Information shown section start

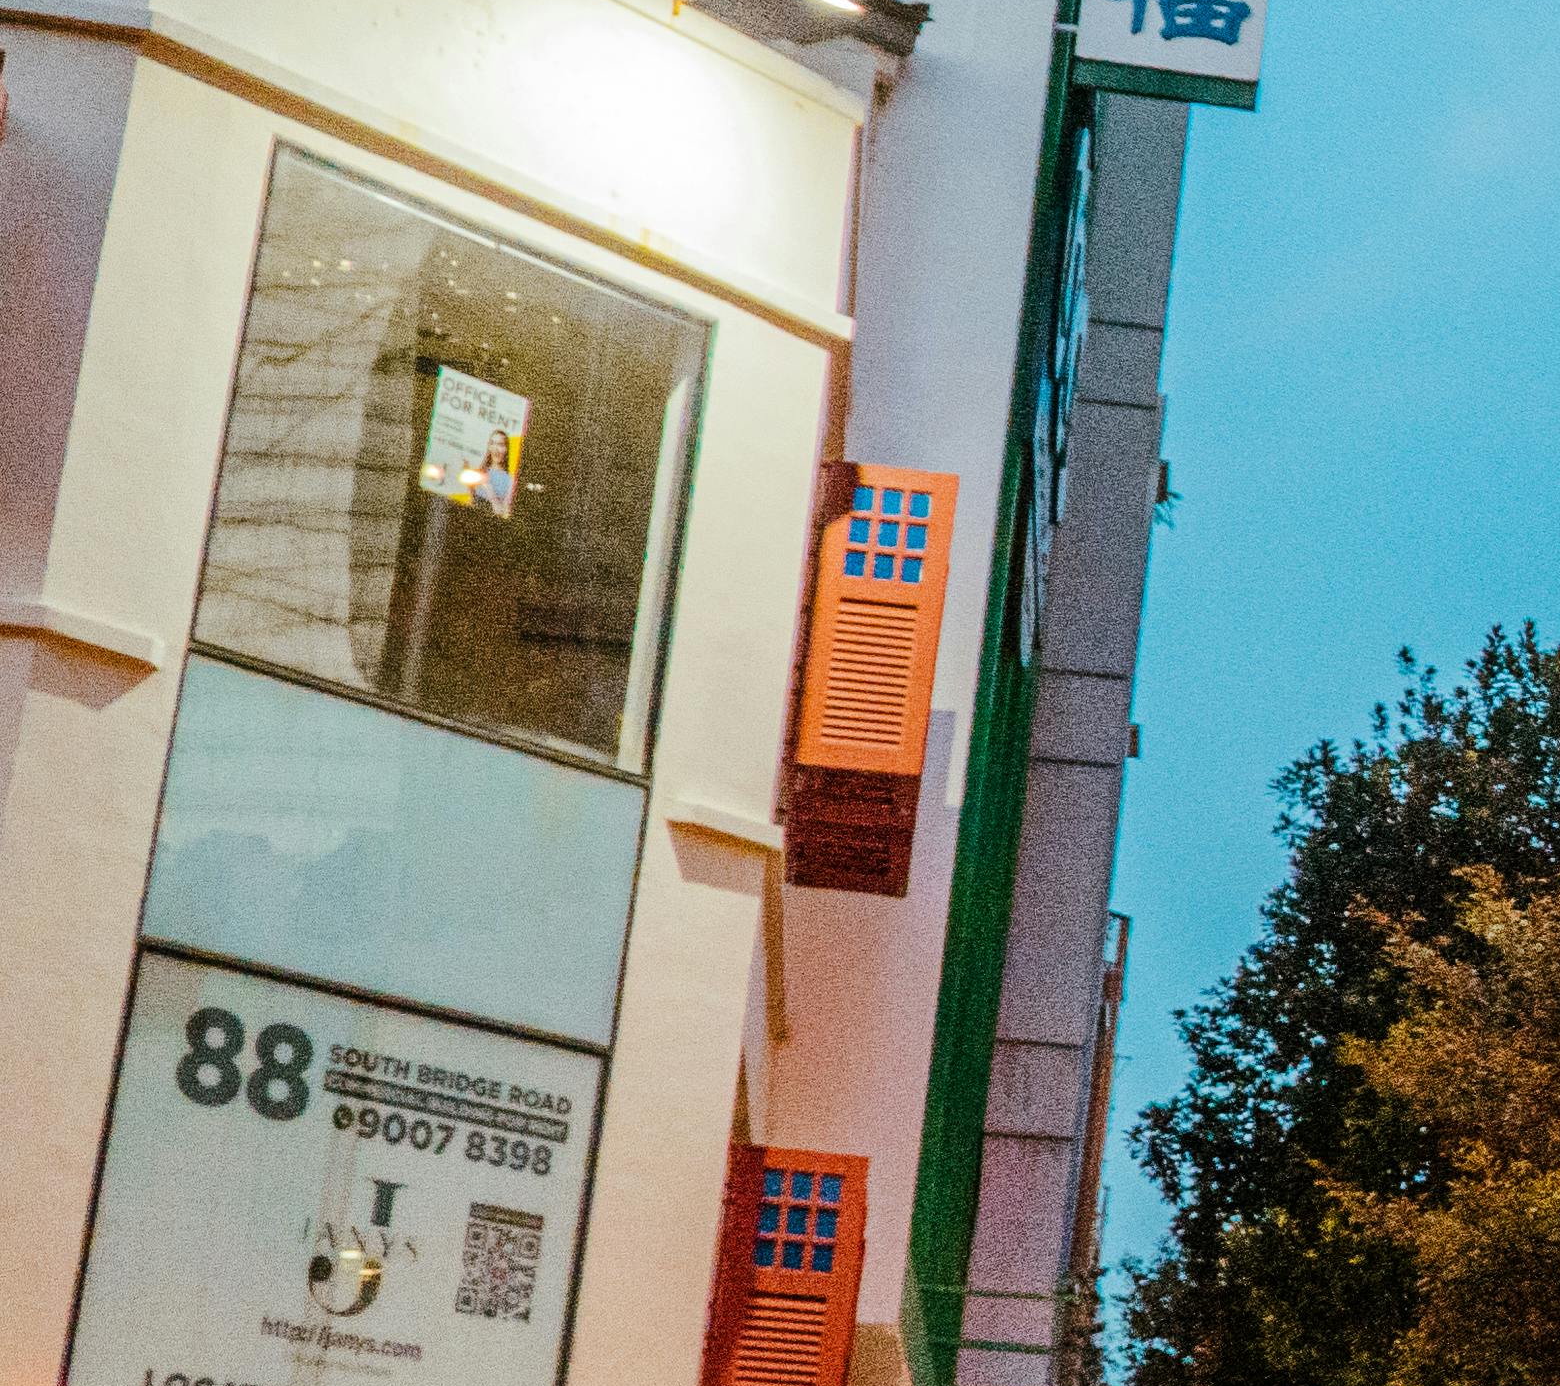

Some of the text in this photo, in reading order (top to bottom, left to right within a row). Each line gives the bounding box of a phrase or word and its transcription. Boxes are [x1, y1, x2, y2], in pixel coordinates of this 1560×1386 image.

[440, 392, 473, 413] FOR
[477, 408, 519, 432] RENT
[443, 377, 497, 409] OFFICE
[175, 1007, 313, 1121] 88
[328, 1044, 573, 1116] SOUTH BRIDGE ROAD
[464, 1129, 553, 1176] 8398

Information shown section end

Write out every line above exactly as it is, leaving out the pictures.

• _Solution_
Some of the text in this photo, in reading order (top to bottom, left to right within a row). Each line gives the bounding box of a phrase or word and its transcription. Boxes are [x1, y1, x2, y2], in pixel coordinates of this 1560×1386 image.

[440, 392, 473, 413] FOR
[477, 408, 519, 432] RENT
[443, 377, 497, 409] OFFICE
[175, 1007, 313, 1121] 88
[328, 1044, 573, 1116] SOUTH BRIDGE ROAD
[464, 1129, 553, 1176] 8398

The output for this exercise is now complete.